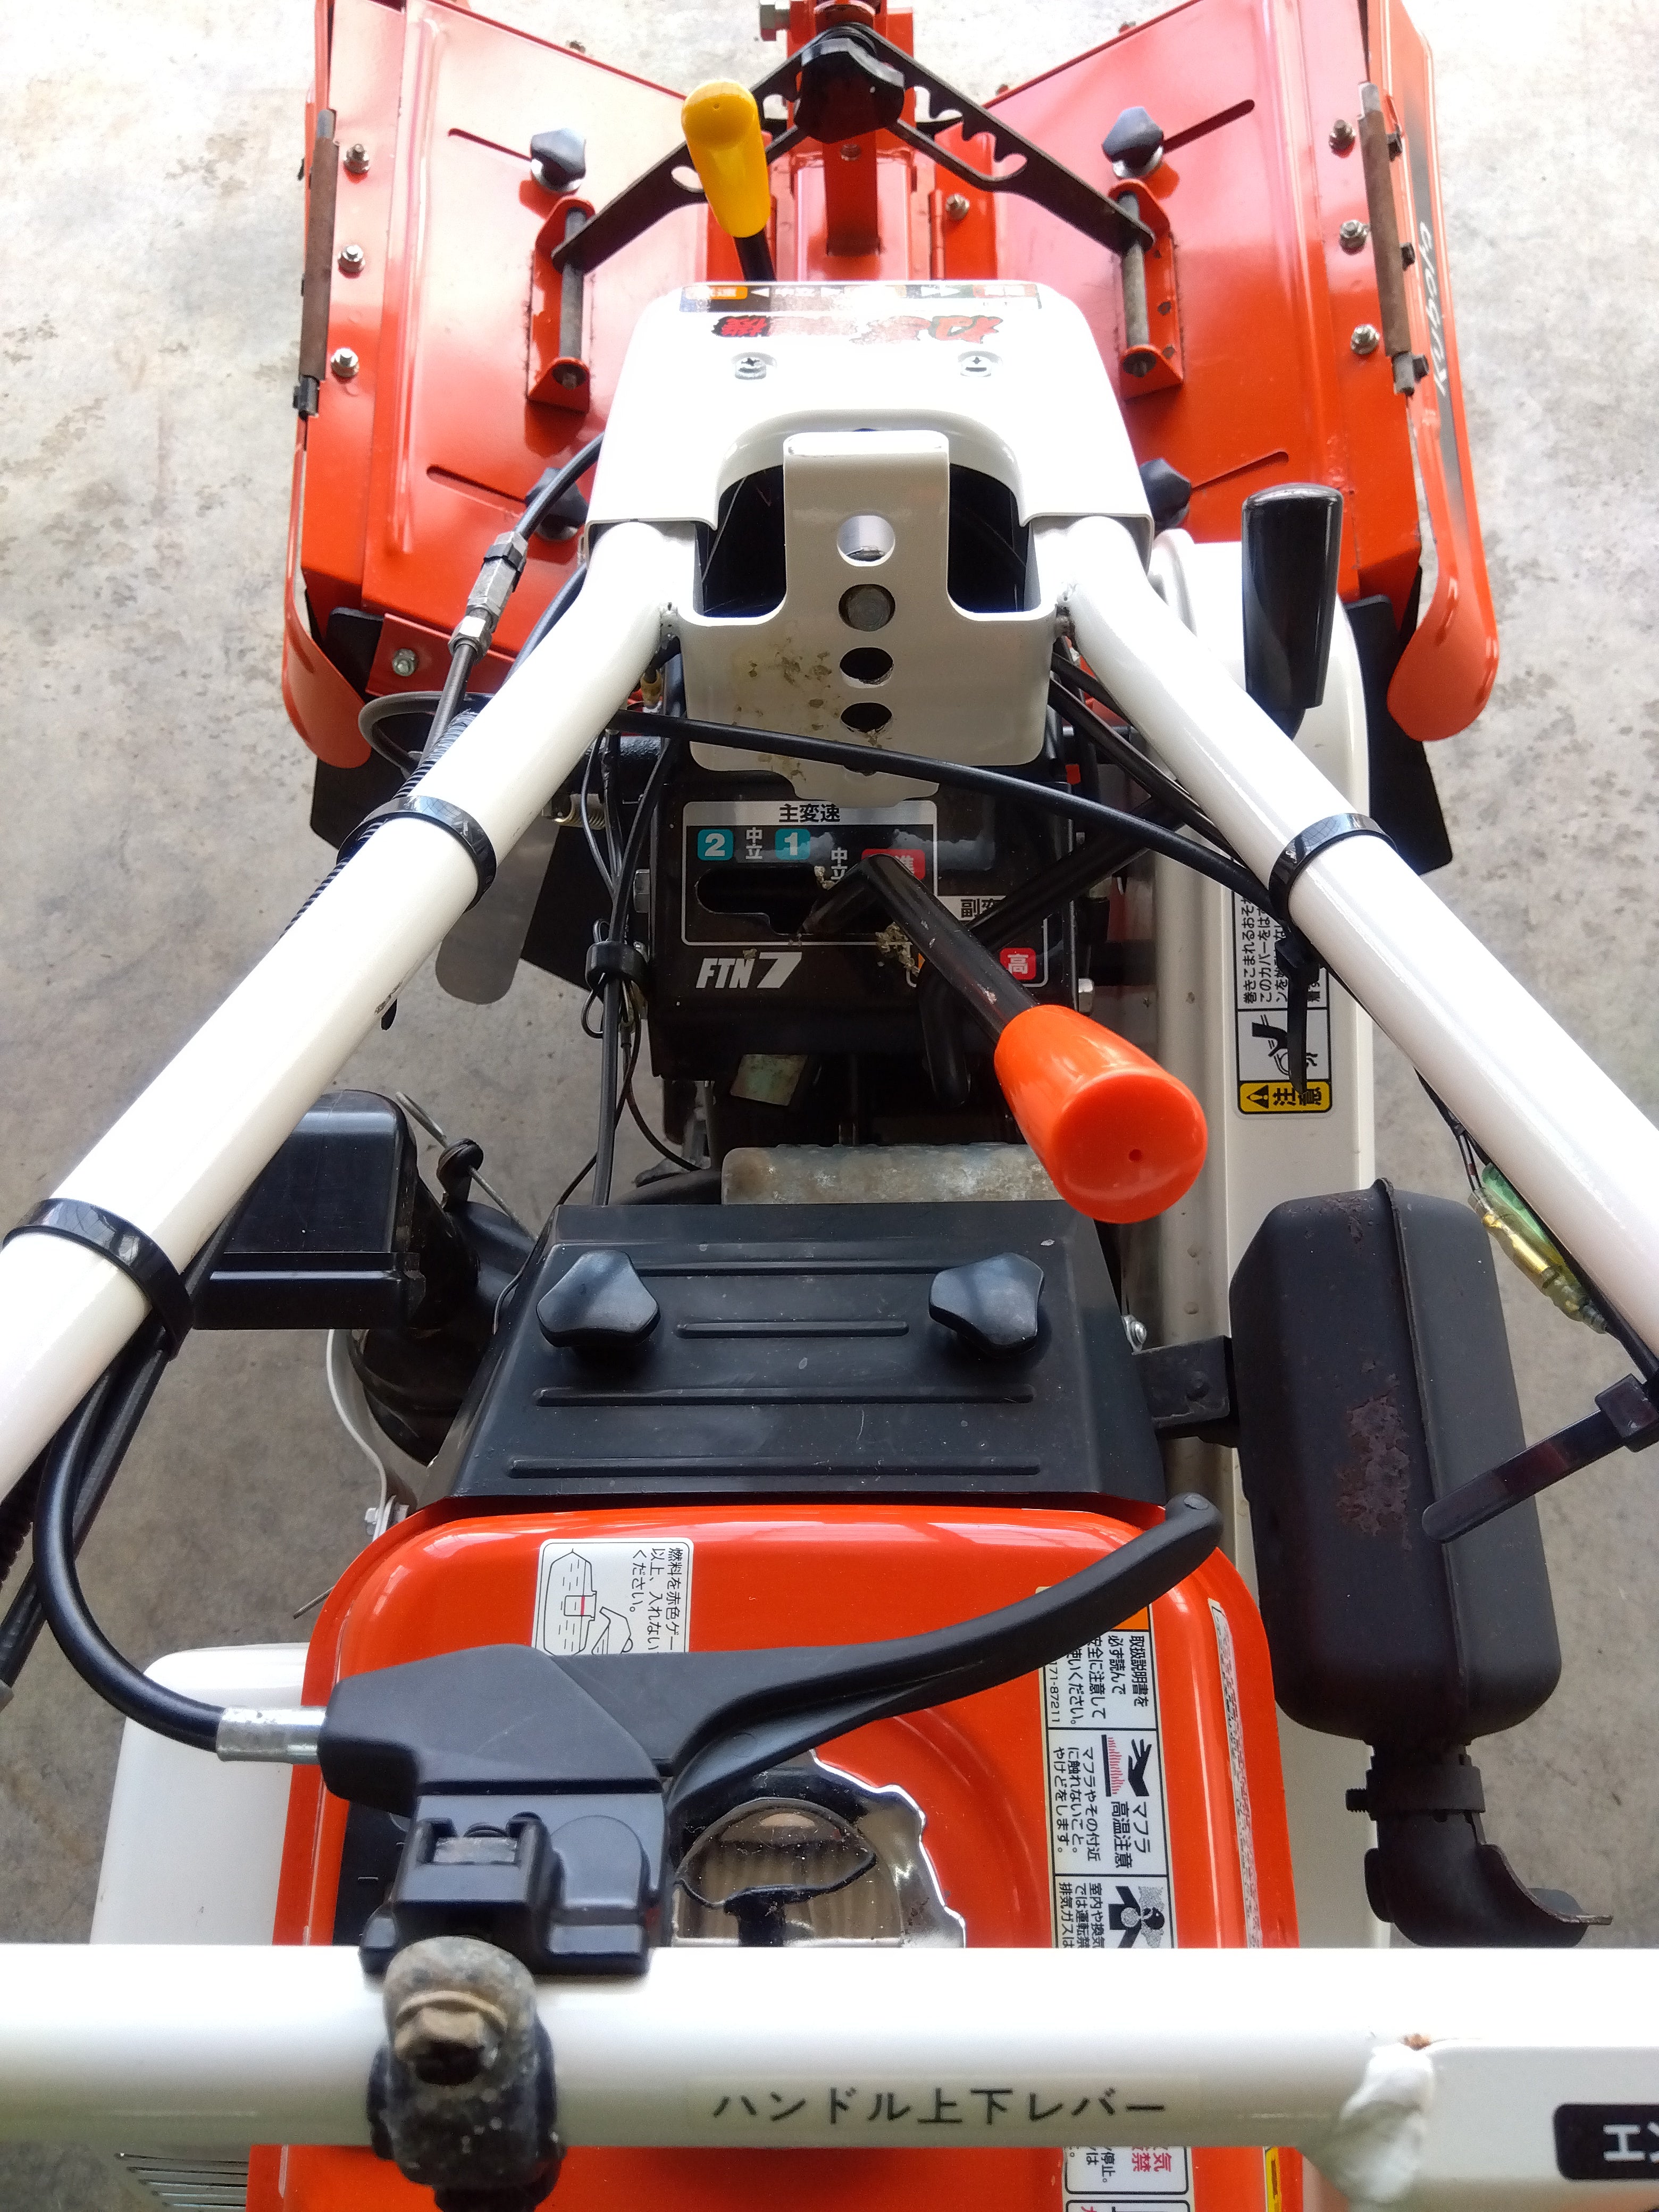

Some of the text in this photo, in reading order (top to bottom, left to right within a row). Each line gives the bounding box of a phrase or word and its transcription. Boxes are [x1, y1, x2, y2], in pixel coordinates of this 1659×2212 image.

[780, 803, 840, 823] 主変速
[704, 833, 726, 857] 2
[745, 827, 763, 860] 中立
[784, 832, 798, 856] 1
[831, 847, 848, 879] 中立
[1008, 954, 1029, 974] 高
[630, 1549, 647, 1612] ください。
[666, 1547, 683, 1650] 燃料を赤色ゲー
[1108, 1636, 1126, 1695] 必ず読んで
[1129, 1635, 1149, 1707] 取扱説明書を
[1053, 1747, 1070, 1854] やけどをします。
[1067, 1747, 1084, 1854] に触れないこと。
[1083, 1746, 1101, 1862] マフラやその付近
[1110, 1800, 1133, 1868] 高温注意
[1132, 1800, 1152, 1853] マフラ
[714, 2085, 1166, 2125] ハンドル上下レバー
[1101, 2147, 1116, 2183] 停止。
[1153, 2147, 1172, 2172] 気
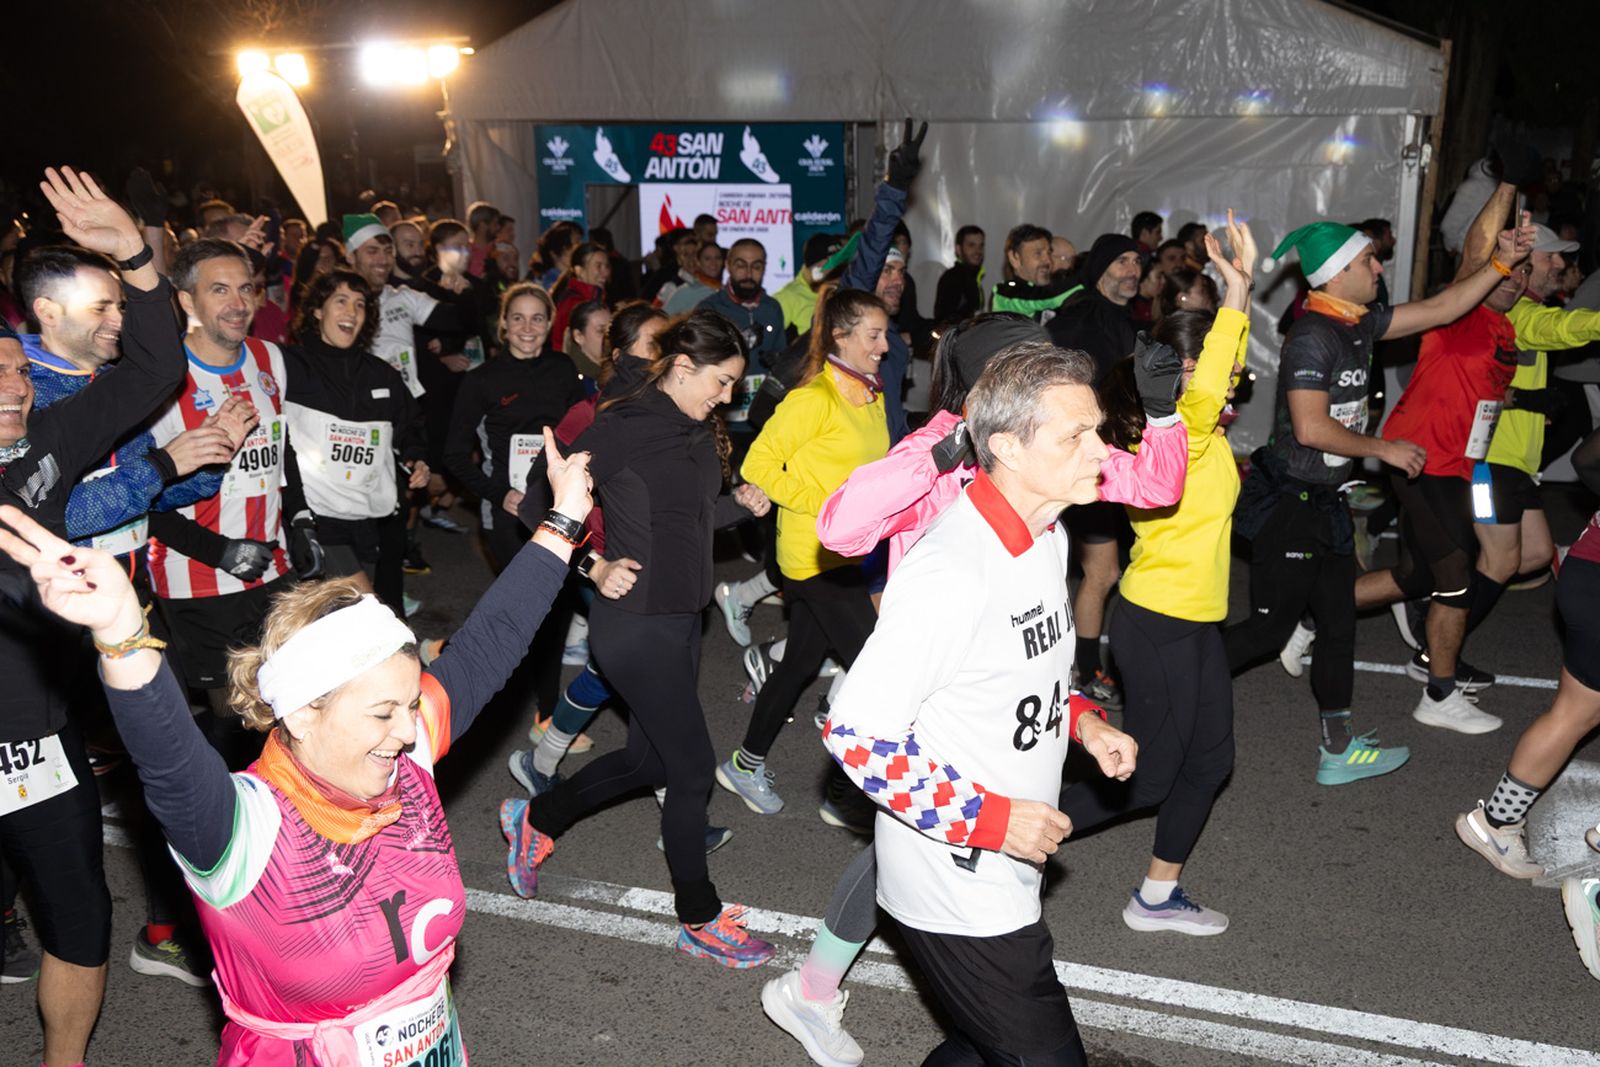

──────────

The task – Repeat each line above exactly. The pictures stay out.

Output –
Some of the text in this photo, in reading order (top to bottom, left to right within a row). Each line gives the bounding box of a phrase or word and its transcription. Boxes are [x1, y1, x2, y2], in pixel coordinates of this 1659×2212 image.

[780, 803, 840, 823] 主変速
[704, 833, 726, 857] 2
[745, 827, 763, 860] 中立
[784, 832, 798, 856] 1
[831, 847, 848, 879] 中立
[1008, 954, 1029, 974] 高
[630, 1549, 647, 1612] ください。
[666, 1547, 683, 1650] 燃料を赤色ゲー
[1108, 1636, 1126, 1695] 必ず読んで
[1129, 1635, 1149, 1707] 取扱説明書を
[1053, 1747, 1070, 1854] やけどをします。
[1067, 1747, 1084, 1854] に触れないこと。
[1083, 1746, 1101, 1862] マフラやその付近
[1110, 1800, 1133, 1868] 高温注意
[1132, 1800, 1152, 1853] マフラ
[714, 2085, 1166, 2125] ハンドル上下レバー
[1101, 2147, 1116, 2183] 停止。
[1153, 2147, 1172, 2172] 気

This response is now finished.